I have a friend whom I’ve known for decades who lives in a most fascinating way. She is always anticipating her next vacation. Work is just the filler she has to grind through until her next trip to the tropics. I’ve observed for years as she excitedly posts about her next vacation only to eventually bemoan her return to the drudgery of work. I often find myself thinking, there must be a better way to do life than living vacation to vacation, loving three weeks of your year and hating the other forty-nine!

My friend is not alone. Many people try to escape their everyday lives through a variety of means. For some, like my friend, the escape is a series of engrossing vacations and travel adventures. For some, escape is all-consuming workout routines or filling life from floor to ceiling with business or a revolving door of ephemeral friendships. For some, escape means numbing the mind through drugs or drinking to excess.

By the way, I don’t think people are crazy for trying to escape. Why not? Because life hurts. Life often feels unfair. Life involves suffering. Life can be filled with personal loneliness, job frustrations, physical pains, relational disappointments, existential angst, social injustices, harmful violence, as well as futility and emptiness. For many who deal daily with suffering, the sanest choice available feels like escape.

That said, escape is never the best answer. Escape does nothing to improve our situation. It merely numbs us for a bit, and then we’re back to the pain of life. So what’s the better way? Step one: accept that life is hard. It was never supposed to be easy, especially for Christians (see John 16:33). Once you accept that life is hard, you can begin to live with more realistic expectations for how it should be. You can start dealing with the challenges you face, building up the muscles of doing hard things, solving problems, and taking care of your responsibilities.

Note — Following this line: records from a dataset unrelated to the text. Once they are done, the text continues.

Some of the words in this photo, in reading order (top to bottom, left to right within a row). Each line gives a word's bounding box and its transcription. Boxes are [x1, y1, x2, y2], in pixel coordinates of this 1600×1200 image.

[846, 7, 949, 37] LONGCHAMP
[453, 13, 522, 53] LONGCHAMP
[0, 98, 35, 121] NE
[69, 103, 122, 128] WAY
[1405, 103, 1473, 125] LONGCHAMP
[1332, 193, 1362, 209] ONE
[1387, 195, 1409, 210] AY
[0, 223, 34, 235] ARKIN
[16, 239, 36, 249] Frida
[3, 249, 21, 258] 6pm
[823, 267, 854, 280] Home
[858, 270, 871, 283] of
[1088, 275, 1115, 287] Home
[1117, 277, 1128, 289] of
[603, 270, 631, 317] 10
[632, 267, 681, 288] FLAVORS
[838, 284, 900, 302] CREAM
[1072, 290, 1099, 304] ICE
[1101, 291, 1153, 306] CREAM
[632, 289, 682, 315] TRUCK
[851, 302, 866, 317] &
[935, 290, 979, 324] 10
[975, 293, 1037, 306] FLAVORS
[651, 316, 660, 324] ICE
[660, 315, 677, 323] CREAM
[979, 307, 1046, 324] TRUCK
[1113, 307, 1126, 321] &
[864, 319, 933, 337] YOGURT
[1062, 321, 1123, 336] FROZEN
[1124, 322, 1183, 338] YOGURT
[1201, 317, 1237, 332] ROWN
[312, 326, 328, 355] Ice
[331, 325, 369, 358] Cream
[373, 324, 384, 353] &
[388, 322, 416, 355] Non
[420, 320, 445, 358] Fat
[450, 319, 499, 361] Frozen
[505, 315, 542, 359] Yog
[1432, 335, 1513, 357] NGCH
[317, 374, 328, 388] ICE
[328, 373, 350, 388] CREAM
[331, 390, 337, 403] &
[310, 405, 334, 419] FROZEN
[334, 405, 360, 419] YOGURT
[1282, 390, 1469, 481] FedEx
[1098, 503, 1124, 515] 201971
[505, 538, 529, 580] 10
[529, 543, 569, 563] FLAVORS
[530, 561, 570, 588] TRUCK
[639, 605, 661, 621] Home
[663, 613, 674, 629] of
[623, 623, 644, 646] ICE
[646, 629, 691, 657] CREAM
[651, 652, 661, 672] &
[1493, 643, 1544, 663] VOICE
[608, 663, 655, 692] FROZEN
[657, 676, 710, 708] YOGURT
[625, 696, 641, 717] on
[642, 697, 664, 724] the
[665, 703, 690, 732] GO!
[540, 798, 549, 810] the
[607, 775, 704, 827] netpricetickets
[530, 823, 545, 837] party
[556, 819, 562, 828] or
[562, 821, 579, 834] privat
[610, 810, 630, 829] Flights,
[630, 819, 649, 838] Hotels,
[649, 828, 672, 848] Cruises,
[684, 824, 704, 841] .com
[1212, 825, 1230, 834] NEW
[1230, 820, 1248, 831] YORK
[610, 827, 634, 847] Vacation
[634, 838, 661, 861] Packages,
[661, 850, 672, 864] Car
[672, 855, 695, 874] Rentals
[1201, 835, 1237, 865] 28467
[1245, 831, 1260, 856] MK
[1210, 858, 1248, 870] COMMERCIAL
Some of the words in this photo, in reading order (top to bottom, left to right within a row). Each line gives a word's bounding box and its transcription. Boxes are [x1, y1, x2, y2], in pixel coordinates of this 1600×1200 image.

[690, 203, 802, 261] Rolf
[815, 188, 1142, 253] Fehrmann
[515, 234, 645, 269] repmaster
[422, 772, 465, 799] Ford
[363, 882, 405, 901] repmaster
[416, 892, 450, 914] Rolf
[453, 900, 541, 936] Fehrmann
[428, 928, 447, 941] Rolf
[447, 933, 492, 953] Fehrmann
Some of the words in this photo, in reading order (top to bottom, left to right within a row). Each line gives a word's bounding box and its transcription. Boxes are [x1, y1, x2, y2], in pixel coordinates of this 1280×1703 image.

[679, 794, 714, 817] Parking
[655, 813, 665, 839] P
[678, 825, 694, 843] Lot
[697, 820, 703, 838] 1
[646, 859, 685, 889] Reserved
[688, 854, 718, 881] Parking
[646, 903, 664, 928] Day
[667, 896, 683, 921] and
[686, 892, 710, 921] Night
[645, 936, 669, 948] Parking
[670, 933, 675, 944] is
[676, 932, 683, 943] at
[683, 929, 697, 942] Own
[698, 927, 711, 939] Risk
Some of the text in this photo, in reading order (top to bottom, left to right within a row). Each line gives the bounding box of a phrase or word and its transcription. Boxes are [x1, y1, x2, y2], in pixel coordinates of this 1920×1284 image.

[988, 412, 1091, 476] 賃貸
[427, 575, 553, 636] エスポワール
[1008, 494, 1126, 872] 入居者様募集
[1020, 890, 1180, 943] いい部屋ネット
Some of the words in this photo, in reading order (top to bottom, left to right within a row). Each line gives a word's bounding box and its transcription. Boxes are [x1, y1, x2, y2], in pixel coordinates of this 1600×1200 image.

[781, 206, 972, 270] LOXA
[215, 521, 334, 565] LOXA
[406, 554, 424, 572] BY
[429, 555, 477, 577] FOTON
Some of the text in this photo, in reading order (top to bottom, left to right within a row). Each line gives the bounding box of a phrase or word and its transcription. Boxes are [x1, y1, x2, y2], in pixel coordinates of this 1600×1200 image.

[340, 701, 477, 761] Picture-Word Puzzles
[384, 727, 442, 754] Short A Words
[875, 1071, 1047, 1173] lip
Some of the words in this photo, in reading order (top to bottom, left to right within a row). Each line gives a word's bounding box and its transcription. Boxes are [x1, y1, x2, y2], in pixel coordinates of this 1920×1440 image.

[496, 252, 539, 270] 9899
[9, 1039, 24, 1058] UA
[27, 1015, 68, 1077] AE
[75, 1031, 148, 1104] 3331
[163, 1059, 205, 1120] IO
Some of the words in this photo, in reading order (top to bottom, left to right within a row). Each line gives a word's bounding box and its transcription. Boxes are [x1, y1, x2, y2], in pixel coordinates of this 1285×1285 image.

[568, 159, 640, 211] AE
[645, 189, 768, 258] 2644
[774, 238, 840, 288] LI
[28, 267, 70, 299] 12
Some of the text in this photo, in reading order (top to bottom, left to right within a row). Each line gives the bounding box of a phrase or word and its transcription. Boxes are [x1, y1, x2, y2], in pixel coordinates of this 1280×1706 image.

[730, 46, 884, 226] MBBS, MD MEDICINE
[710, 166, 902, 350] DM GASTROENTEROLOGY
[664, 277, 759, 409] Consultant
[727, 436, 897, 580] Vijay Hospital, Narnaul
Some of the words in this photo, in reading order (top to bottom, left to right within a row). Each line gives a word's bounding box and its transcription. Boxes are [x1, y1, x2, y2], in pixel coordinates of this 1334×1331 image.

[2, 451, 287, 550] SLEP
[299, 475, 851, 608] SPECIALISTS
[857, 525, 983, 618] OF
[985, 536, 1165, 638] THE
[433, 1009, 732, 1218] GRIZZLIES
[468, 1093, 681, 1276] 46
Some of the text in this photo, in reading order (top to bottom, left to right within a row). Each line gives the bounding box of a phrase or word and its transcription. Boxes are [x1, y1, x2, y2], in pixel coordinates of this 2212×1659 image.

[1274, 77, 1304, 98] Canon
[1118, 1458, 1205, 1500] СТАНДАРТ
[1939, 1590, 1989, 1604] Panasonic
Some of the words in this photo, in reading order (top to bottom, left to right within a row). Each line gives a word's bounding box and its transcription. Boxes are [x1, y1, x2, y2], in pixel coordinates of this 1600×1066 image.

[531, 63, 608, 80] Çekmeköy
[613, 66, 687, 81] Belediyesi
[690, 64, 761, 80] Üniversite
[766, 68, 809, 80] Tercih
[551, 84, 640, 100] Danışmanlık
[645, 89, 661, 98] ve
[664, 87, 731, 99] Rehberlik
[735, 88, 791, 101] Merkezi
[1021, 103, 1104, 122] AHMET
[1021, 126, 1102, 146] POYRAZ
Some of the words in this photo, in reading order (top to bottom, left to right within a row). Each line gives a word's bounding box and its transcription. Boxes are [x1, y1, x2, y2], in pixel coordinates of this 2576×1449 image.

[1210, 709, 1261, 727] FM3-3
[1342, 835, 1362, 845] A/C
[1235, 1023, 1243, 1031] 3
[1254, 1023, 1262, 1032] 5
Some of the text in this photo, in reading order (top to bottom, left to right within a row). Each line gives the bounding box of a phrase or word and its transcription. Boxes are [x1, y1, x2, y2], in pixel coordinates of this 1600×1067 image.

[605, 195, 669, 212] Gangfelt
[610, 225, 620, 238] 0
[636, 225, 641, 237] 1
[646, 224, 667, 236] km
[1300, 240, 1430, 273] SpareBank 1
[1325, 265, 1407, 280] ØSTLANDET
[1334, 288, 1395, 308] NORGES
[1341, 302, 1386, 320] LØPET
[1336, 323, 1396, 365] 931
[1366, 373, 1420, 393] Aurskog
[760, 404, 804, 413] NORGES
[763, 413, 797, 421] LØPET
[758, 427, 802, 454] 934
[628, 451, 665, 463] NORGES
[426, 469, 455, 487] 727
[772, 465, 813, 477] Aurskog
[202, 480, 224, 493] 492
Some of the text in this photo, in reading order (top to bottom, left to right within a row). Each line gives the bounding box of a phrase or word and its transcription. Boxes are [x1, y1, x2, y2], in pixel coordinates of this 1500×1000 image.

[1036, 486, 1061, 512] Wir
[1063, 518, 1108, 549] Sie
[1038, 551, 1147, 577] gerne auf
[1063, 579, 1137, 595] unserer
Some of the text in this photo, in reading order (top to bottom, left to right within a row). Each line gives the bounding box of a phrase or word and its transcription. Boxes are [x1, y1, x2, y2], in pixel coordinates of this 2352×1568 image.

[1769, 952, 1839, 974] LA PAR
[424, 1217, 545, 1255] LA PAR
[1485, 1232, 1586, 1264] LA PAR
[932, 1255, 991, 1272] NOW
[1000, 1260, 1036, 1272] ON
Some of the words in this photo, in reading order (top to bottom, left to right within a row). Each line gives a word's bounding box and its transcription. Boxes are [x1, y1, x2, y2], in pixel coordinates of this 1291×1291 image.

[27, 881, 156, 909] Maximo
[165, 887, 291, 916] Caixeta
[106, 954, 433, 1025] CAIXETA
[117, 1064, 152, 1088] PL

We have many resources to help us on this path. One resource is prayer and worship, entrusting our situations to God. “Cast your burdens upon the Lord, for he cares for you.” Another resource is our faith community, leaning on fellow journeyers on the road of faith. “Bear one another’s burdens, and so fulfill the law of Christ.” Another is cultivating gratitude for every good gift we enjoy. “Let the peace of Christ rule in your hearts… And be thankful.” Finally, becoming less self-obsessed, getting out of ourselves, and serving others can work wonders for our well-being. “Do unto others as you would have them do to you.” May God bless each of us as we learn to deal with life with faith, hope, and love.